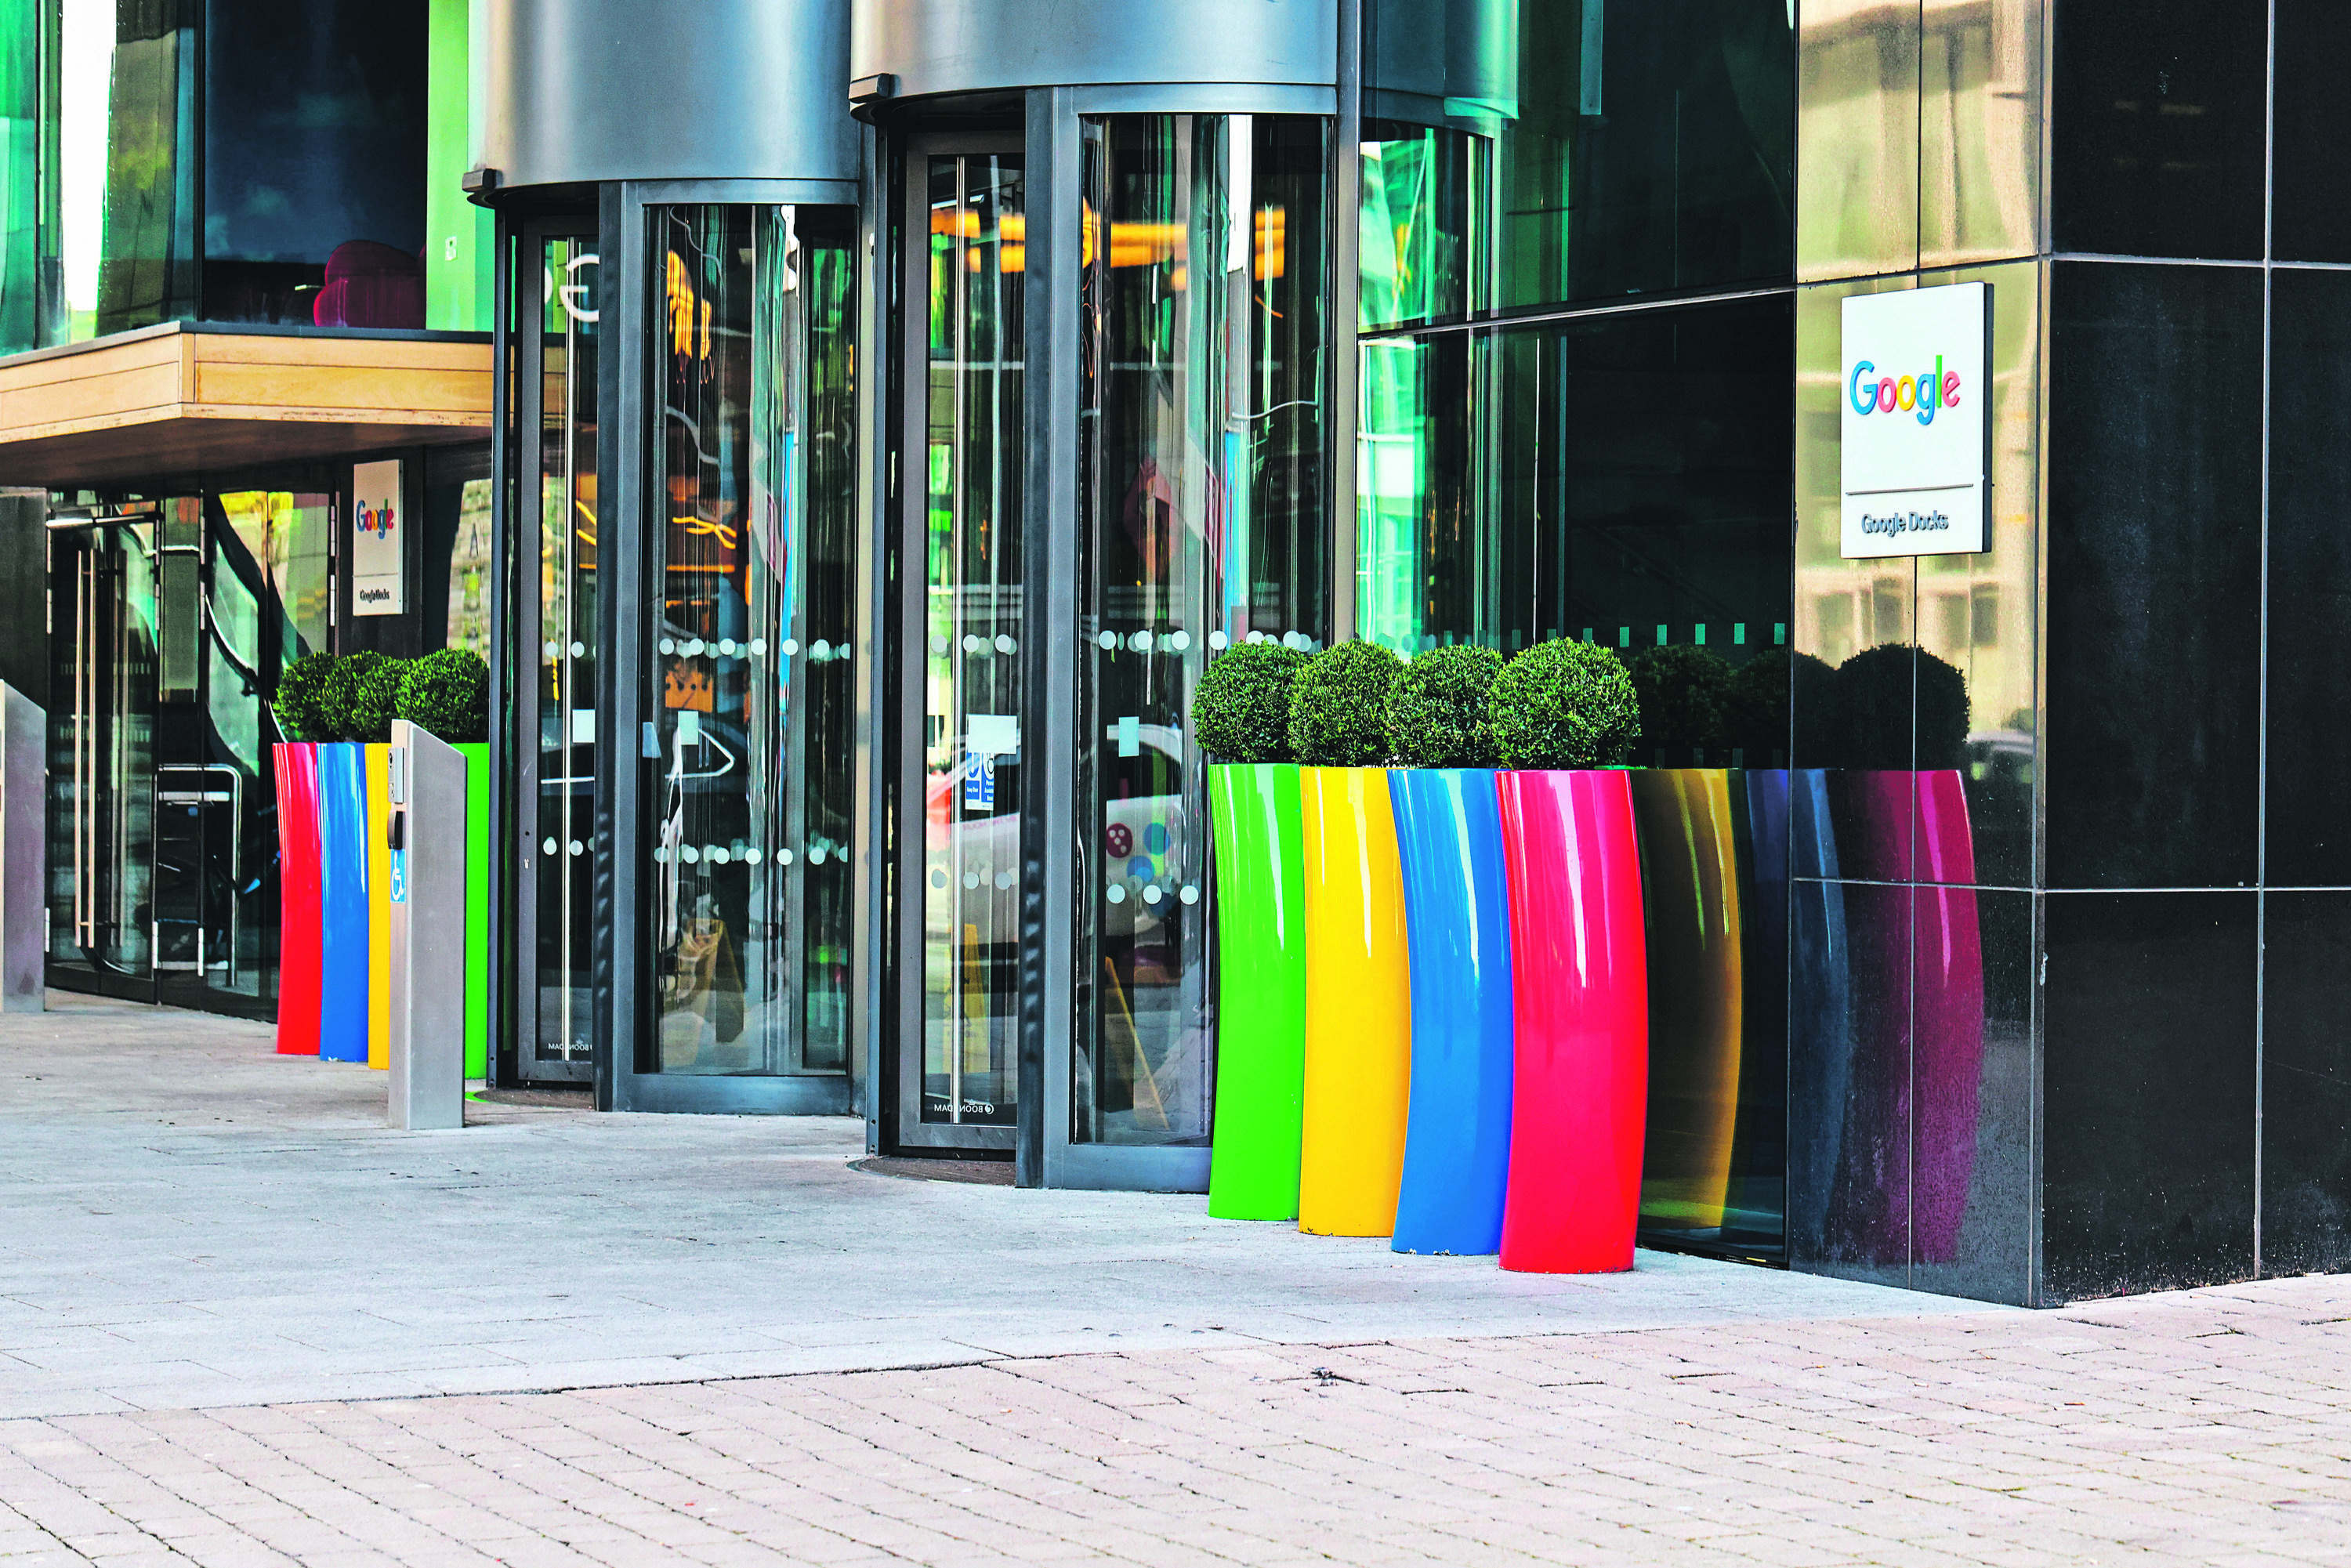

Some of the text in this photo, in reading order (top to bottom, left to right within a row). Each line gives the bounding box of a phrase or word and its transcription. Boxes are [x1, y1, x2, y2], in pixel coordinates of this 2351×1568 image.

[1849, 355, 1961, 425] Google
[356, 498, 394, 540] Google
[1861, 509, 1949, 538] Google Docks
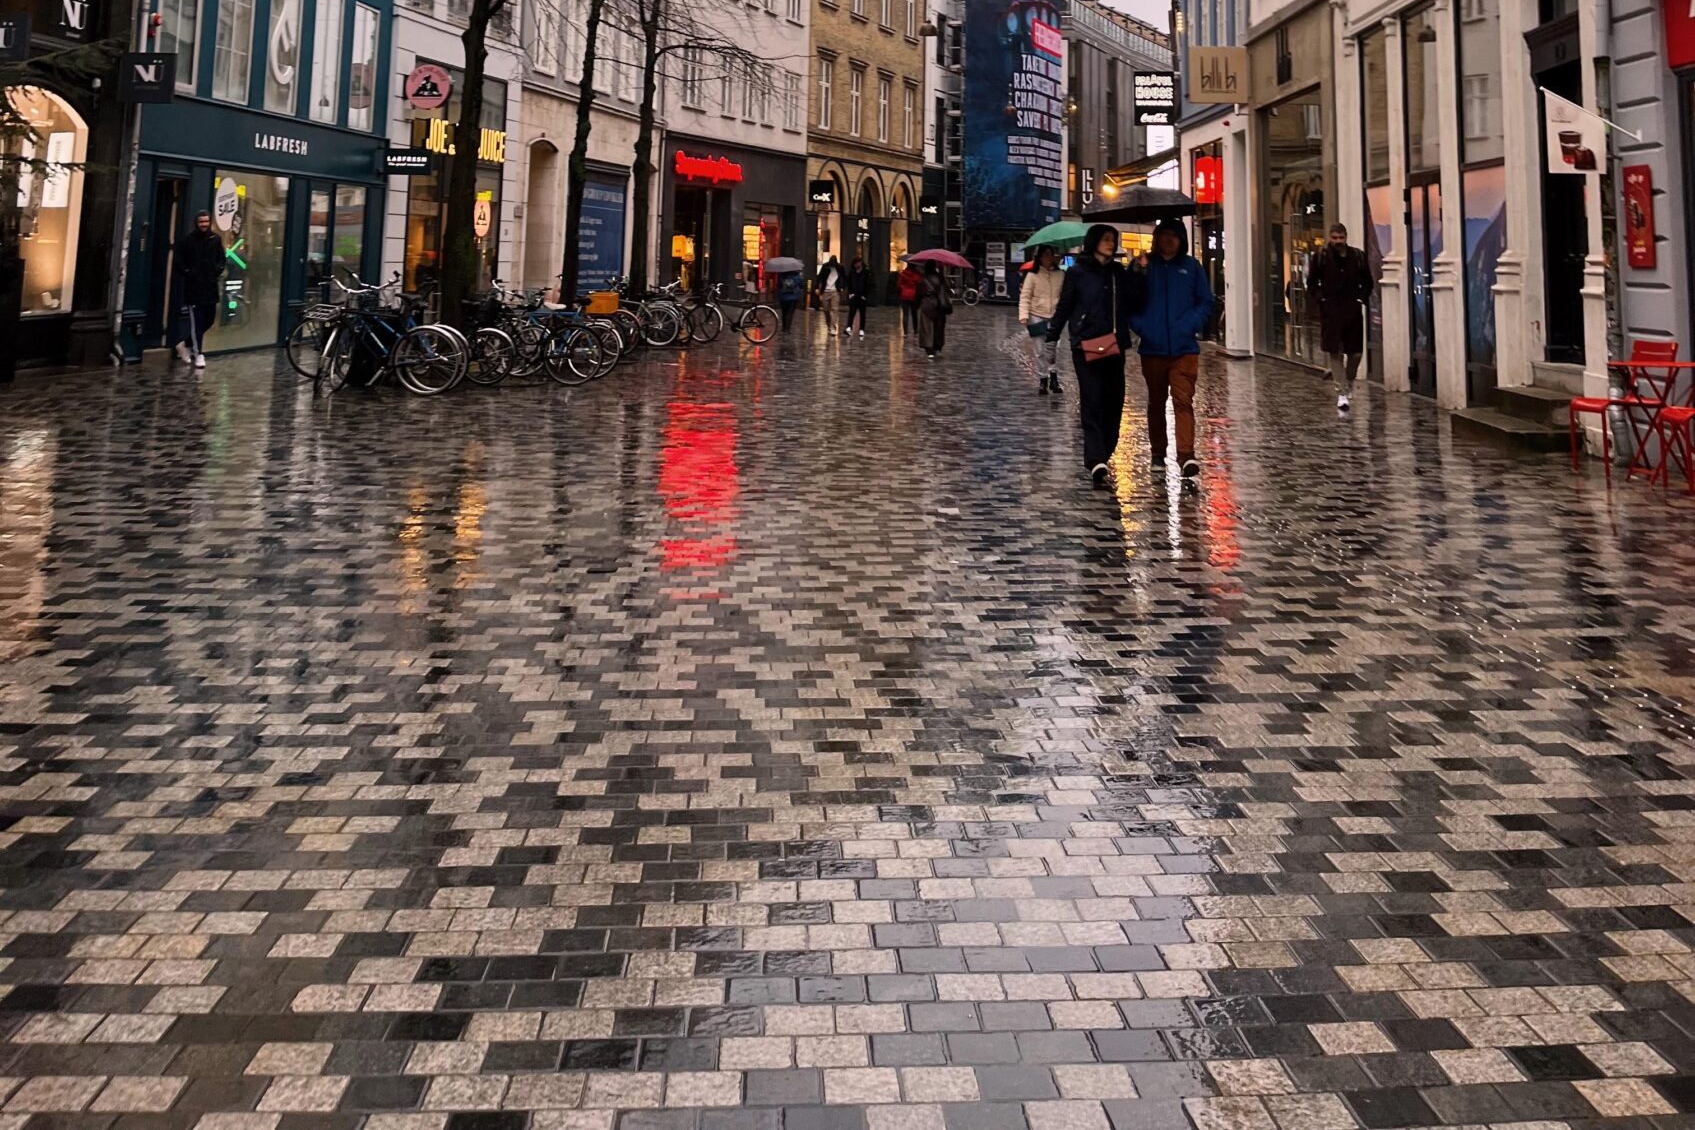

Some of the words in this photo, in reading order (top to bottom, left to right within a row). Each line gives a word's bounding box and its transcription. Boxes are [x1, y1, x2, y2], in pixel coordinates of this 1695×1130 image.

[0, 21, 16, 49] Ü
[133, 59, 164, 83] NÜ
[1200, 56, 1222, 90] billi
[1224, 56, 1237, 90] bi
[1135, 86, 1173, 99] HOUSE
[255, 133, 308, 156] LABFRESH
[426, 118, 449, 154] JOE
[448, 143, 456, 155] &
[478, 127, 507, 163] JUICE
[387, 155, 428, 163] LABFRESH
[1081, 169, 1093, 210] ILLU
[218, 199, 235, 217] SALE
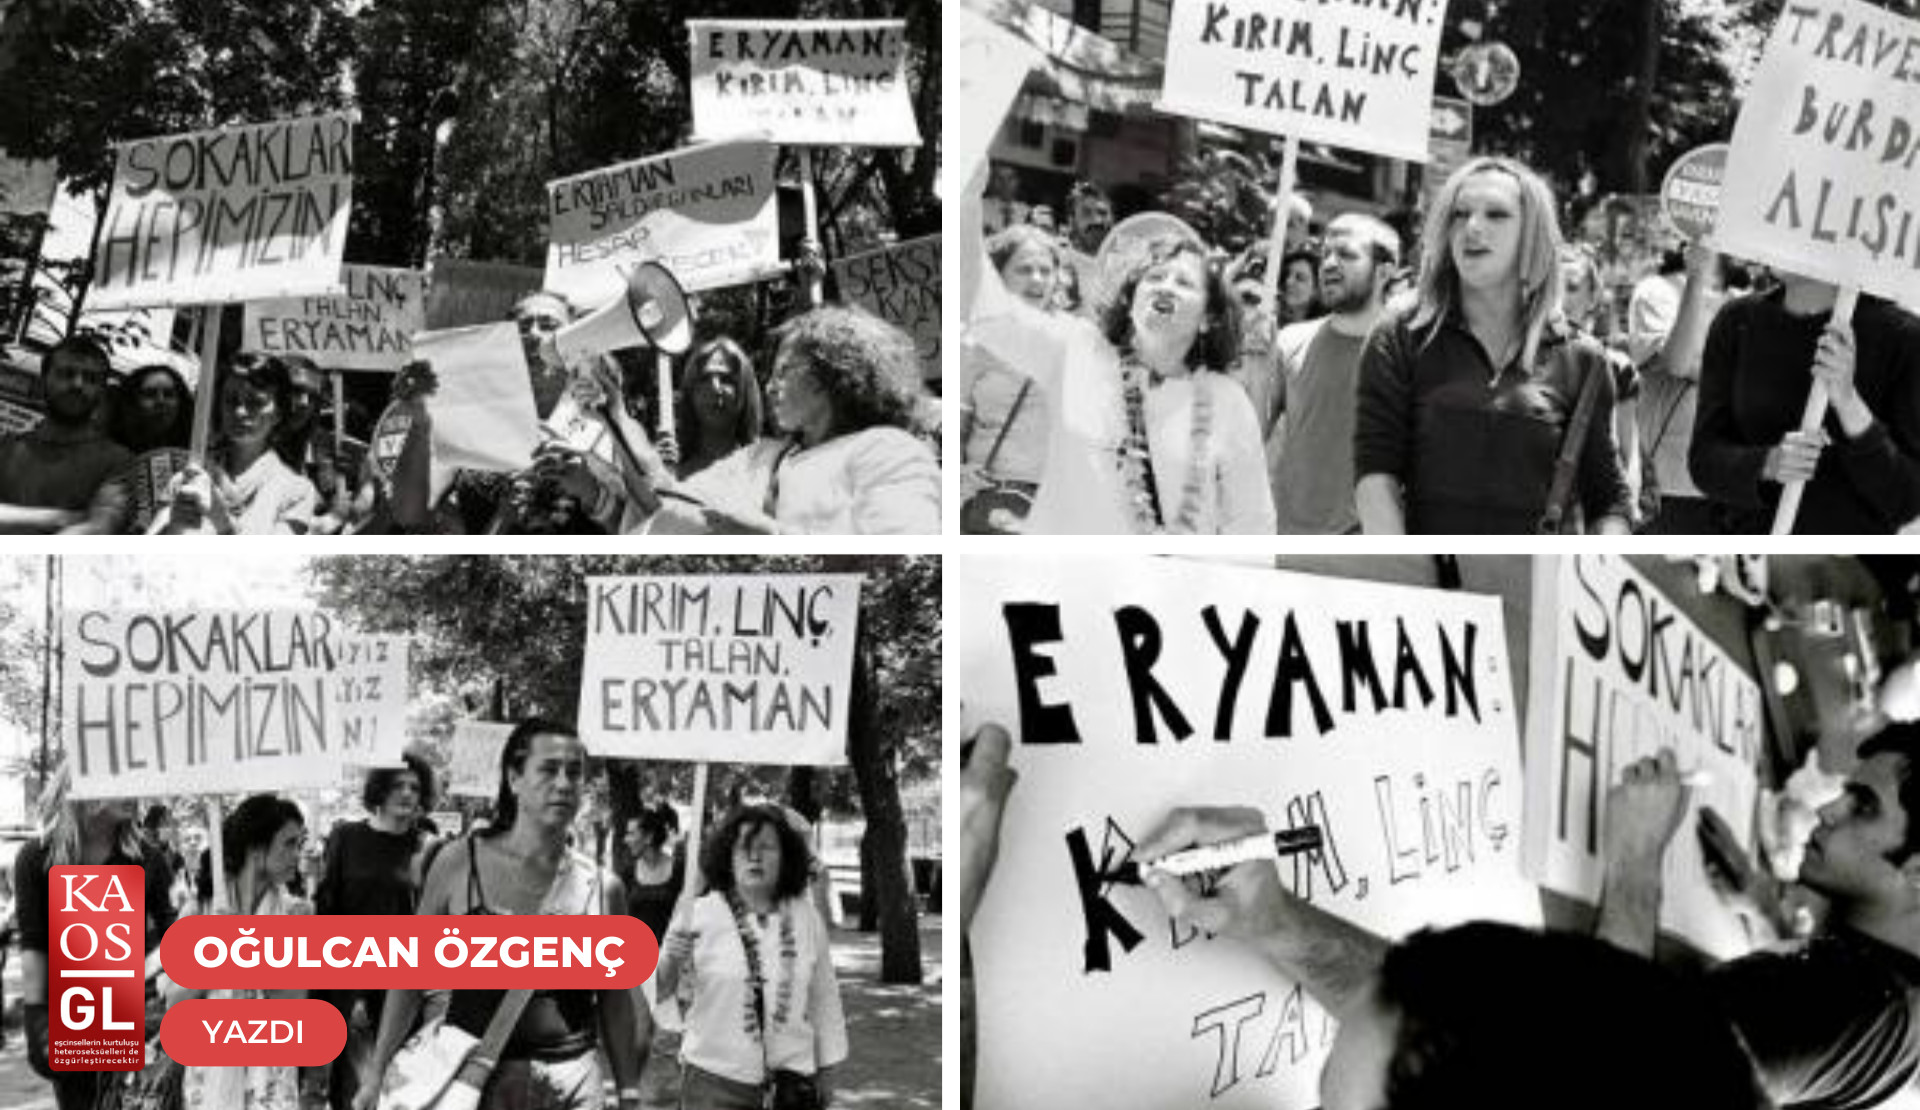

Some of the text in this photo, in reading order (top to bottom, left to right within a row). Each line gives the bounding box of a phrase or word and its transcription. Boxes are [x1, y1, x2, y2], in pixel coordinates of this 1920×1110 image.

● **Assigned task**: Word for word, restate all of the entries above and leave each picture out.

● **Response for this exercise**:
Some of the text in this photo, in reading order (top to bottom, left to right within a row). Each line gives the bounding box of a phrase or word and its transcription. Boxes are [x1, y1, x2, y2], in pixel coordinates of this 2351×1568 image.

[1849, 355, 1961, 425] Google
[356, 498, 394, 540] Google
[1861, 509, 1949, 538] Google Docks

Some of the words in this photo, in reading order (top to bottom, left to right within a row). Each line gives a word's bounding box and its transcription. Boxes are [x1, y1, x2, y2], in pixel coordinates of this 1695×1130 image.

[0, 21, 16, 49] Ü
[133, 59, 164, 83] NÜ
[1200, 56, 1222, 90] billi
[1224, 56, 1237, 90] bi
[1135, 86, 1173, 99] HOUSE
[255, 133, 308, 156] LABFRESH
[426, 118, 449, 154] JOE
[448, 143, 456, 155] &
[478, 127, 507, 163] JUICE
[387, 155, 428, 163] LABFRESH
[1081, 169, 1093, 210] ILLU
[218, 199, 235, 217] SALE

Some of the text in this photo, in reading order (top to bottom, left to right within a row). Each line gives the bounding box of a phrase or word and its transcription. Boxes are [x1, y1, x2, y2], in pixel coordinates of this 1920×1110 image.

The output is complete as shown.